I whispered to Meg, “I don’t want to alarm you—”

“Shh,” she said.

Meg took the quiet-car rules seriously. Since we’d boarded, most of the noise in the coach had consisted of Meg shushing me every time I spoke, sneezed, or cleared my throat.

“But there’s a monster,” I persisted.

She looked up from her complimentary Amtrak magazine, raising an eyebrow above her rhinestone-studded cat-eye glasses. Where?

I chin-pointed toward the creature. As our train pulled away from the station, his left head stared absently out the window. His right head flicked its forked tongue into a bottle of water held in the loop that passed for his hand.

“It’s an amphisbaena,” I whispered, then added helpfully, “a snake with a head at each end.”

Meg frowned, then shrugged, which I took to mean Looks peaceful enough. Then she went back to reading.

I suppressed the urge to argue. Mostly because I didn’t want to be shushed again.

I couldn’t blame Meg for wanting a quiet ride. In the past week, we had battled our way through a pack of wild centaurs in Kansas, faced an angry famine spirit at the World’s Largest Fork in Springfield, Missouri (I did not get a selfie), and outrun a pair of blue Kentucky drakons that chased us several times around Churchill Downs. After all that, a two-headed snake in a suit was perhaps not cause for alarm. Certainly, he wasn’t bothering us at the moment.

I tried to relax.

Meg buried her face in her magazine, enraptured by an article on urban gardening. My young companion had grown taller in the months that I’d known her, but she was still compact enough to prop her red high-tops comfortably on the seatback in front of her. Comfortable for her, I mean, not for me or the other passengers. Meg hadn’t changed her shoes since our run around the racetrack, and they looked and smelled like the back end of a horse.
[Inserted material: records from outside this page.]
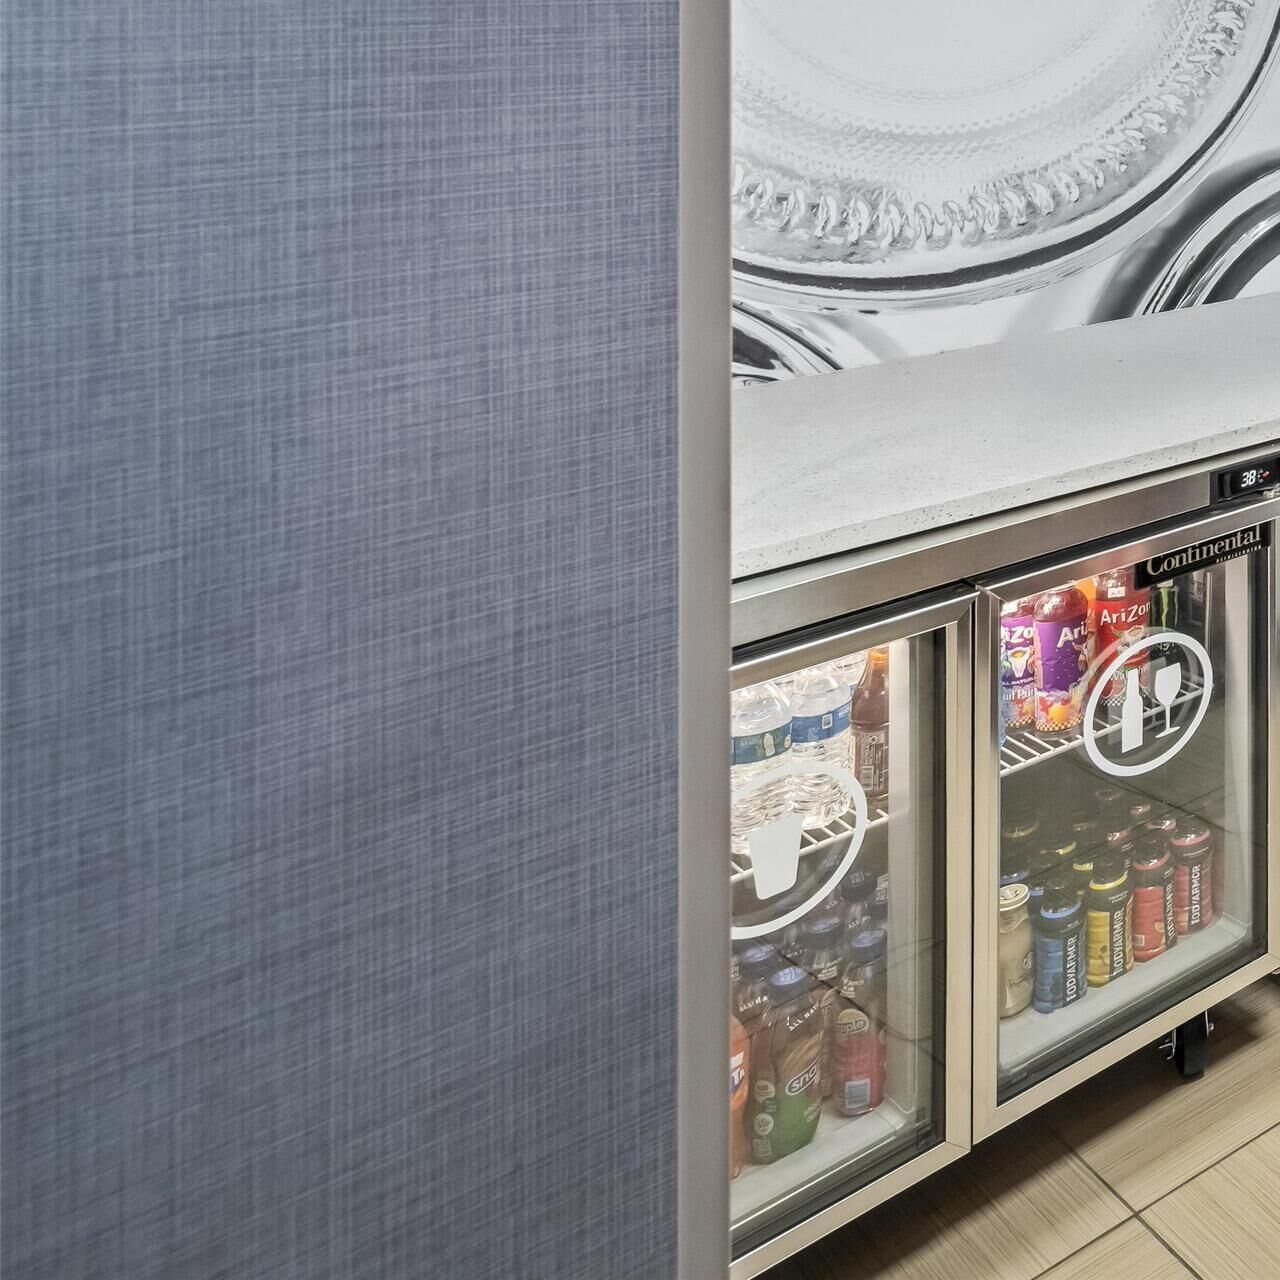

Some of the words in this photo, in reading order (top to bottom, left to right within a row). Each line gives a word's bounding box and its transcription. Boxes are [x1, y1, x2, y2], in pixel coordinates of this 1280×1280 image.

[1240, 469, 1257, 488] 38
[1146, 524, 1262, 576] Continental
[1099, 601, 1151, 627] AriZon
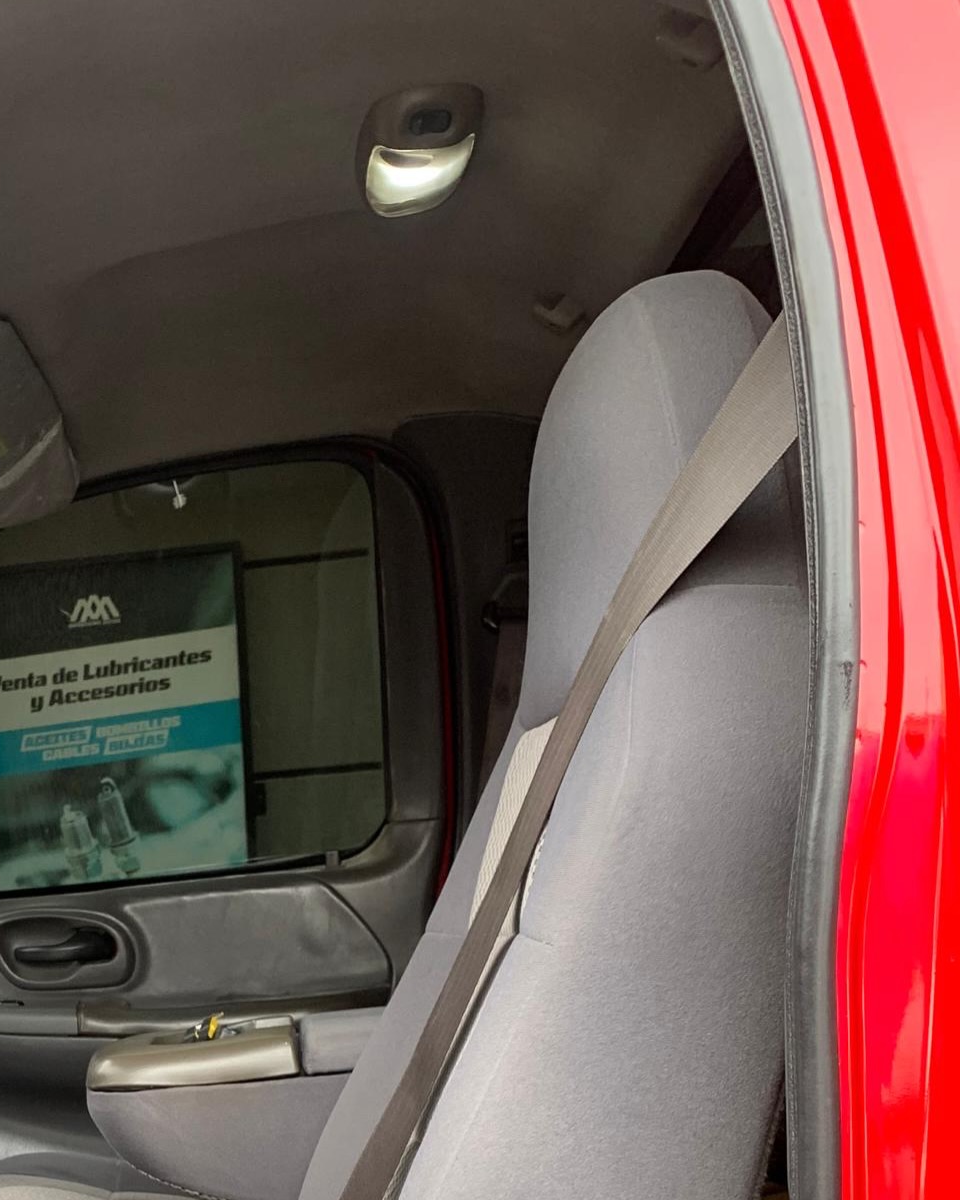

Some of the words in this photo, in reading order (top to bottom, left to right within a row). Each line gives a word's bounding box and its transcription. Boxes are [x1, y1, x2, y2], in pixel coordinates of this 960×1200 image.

[52, 667, 78, 685] de
[82, 649, 213, 681] Lubricantes
[30, 696, 44, 713] y
[48, 676, 172, 707] Accesorios
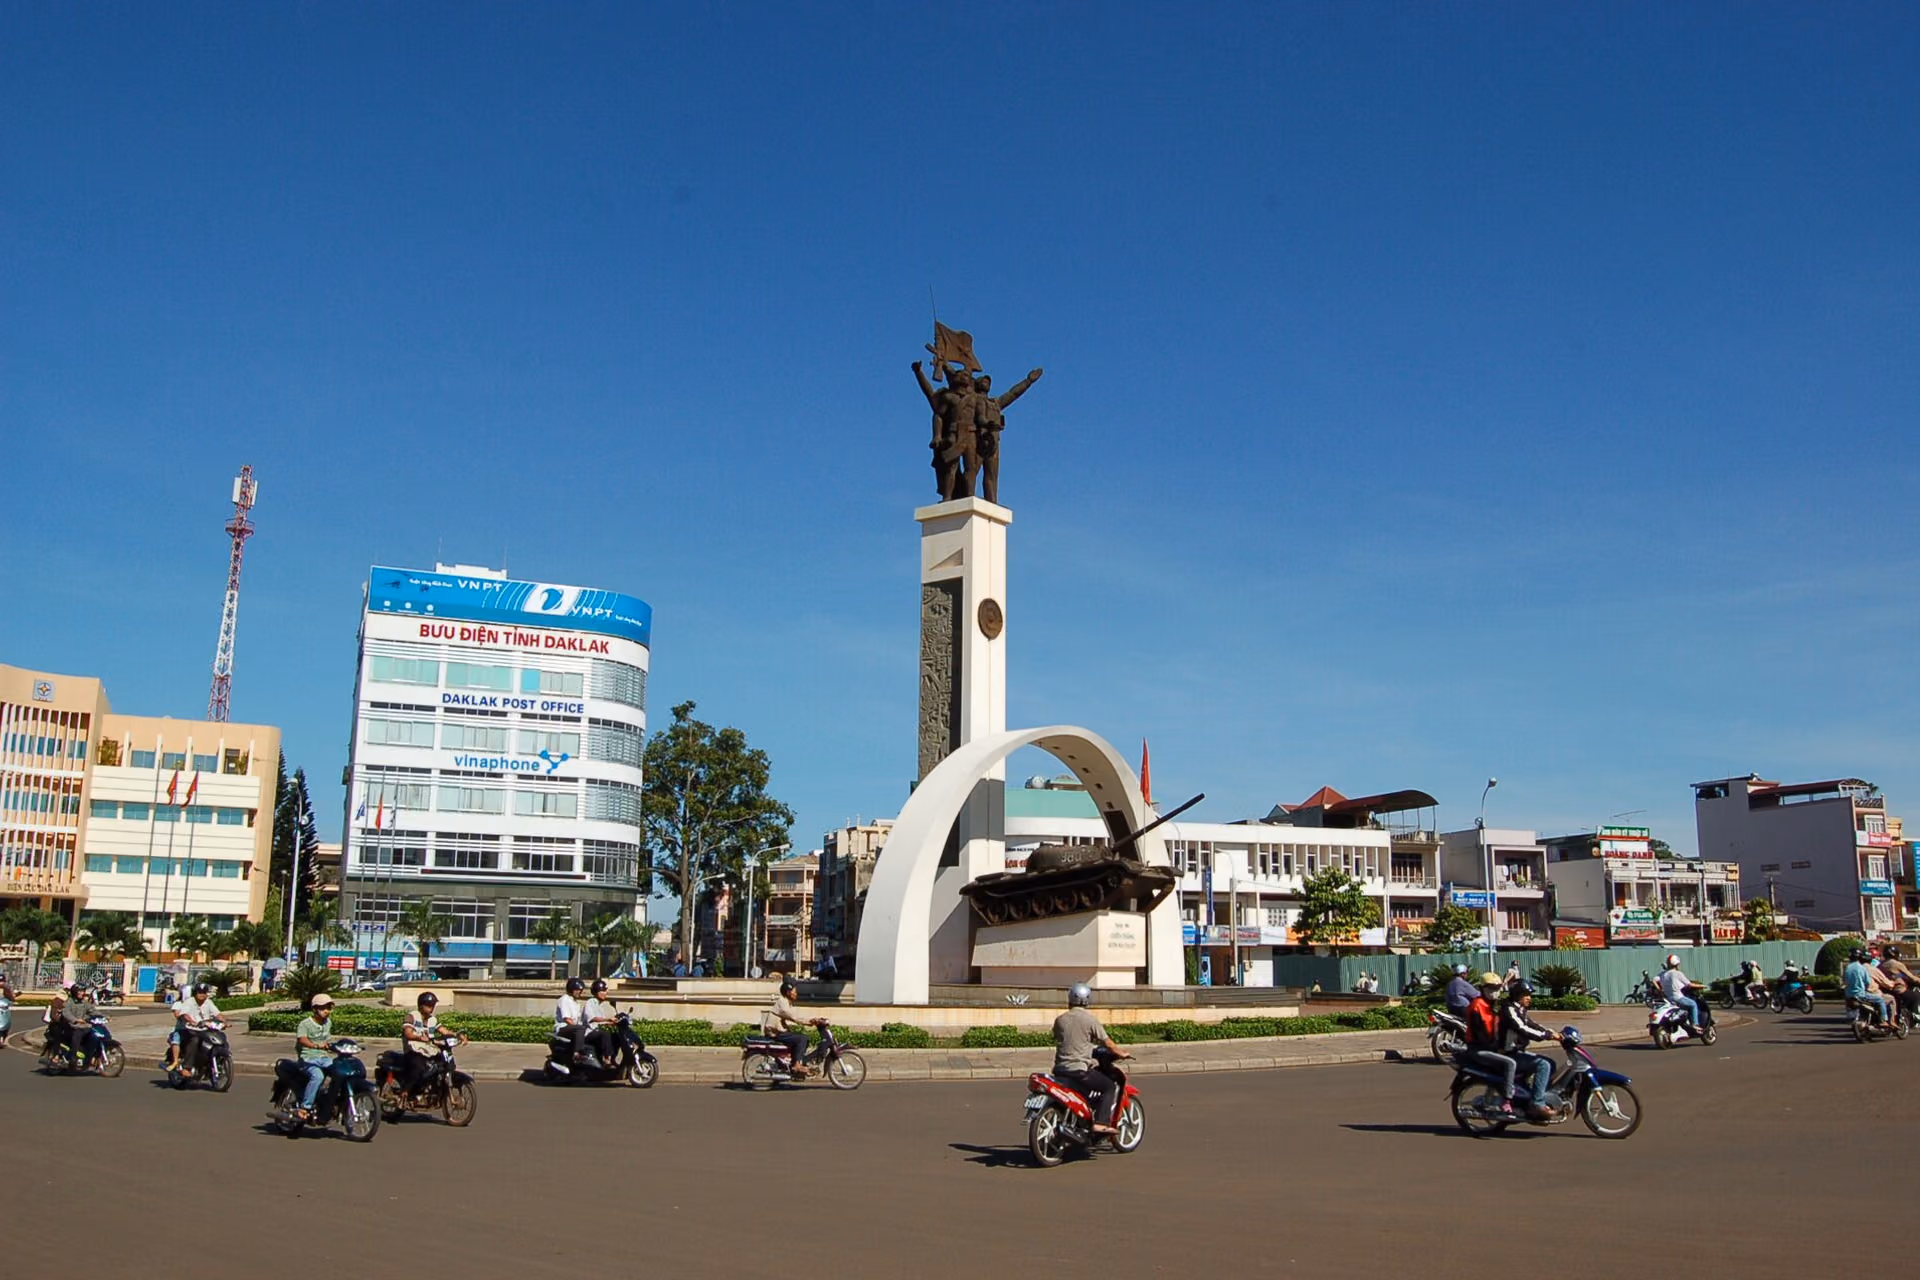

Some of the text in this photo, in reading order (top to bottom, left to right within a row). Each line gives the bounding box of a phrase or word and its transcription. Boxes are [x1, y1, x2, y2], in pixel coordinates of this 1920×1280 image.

[457, 578, 503, 592] VNPT
[571, 606, 613, 618] VNPT
[419, 624, 455, 639] BƯU
[459, 626, 499, 646] ĐIỆN
[544, 635, 609, 654] DAKLAK
[442, 693, 584, 714] DAKLAK POST OFFICE
[454, 754, 540, 772] vinaphone
At least she had traded her tattered green dress for Dollar General jeans and a green VNICORNES IMPERANT! T-shirt she’d bought at the Camp Jupiter gift shop. With her pageboy haircut beginning to grow out and an angry red zit erupting on her chin, she no longer looked like a kindergartener. She looked almost her age: a sixth grader entering the circle of hell known as puberty.
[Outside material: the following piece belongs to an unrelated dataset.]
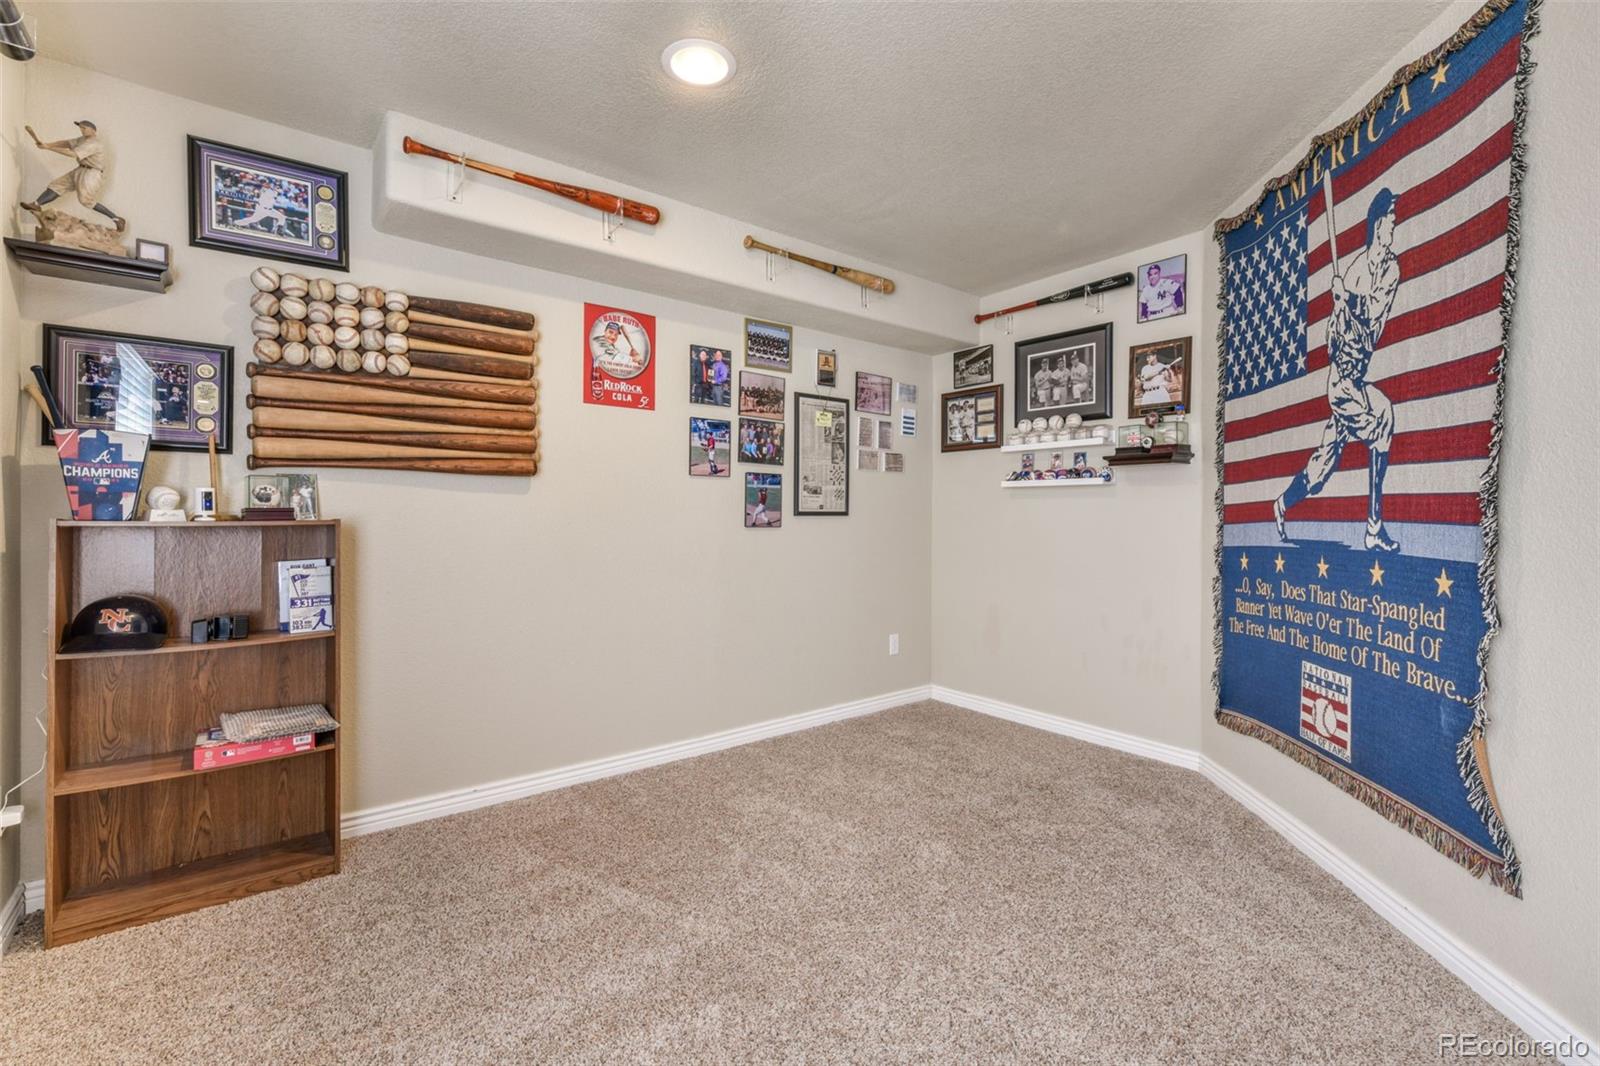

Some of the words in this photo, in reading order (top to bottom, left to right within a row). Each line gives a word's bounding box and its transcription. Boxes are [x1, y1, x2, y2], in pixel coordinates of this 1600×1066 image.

I had not shared this observation with Meg. For one thing, I had my own acne to worry about. For another thing, as my master, Meg could literally order me to jump out the window and I would be forced to obey.

The train rolled through the suburbs of Washington. The late-afternoon sun flickered between the buildings like the lamp of an old movie projector. It was a wonderful time of day, when a sun god should be wrapping up his work, heading to the old stables to park his chariot, then kicking back at his palace with a goblet of nectar, a few dozen adoring nymphs, and a new season of The Real Goddesses of Olympus to binge-watch.

Not for me, though. I got a creaking seat on an Amtrak train and hours to binge-watch Meg’s stinky shoes.

At the opposite end of the car, the amphisbaena still made no threatening moves…unless one considered drinking water from a nonreusable bottle an act of aggression.

Why, then, were my neck hairs tingling?

I couldn’t regulate my breathing. I felt trapped in my window seat.

Perhaps I was just nervous about what awaited us in New York. After six months in this miserable mortal body, I was approaching my endgame.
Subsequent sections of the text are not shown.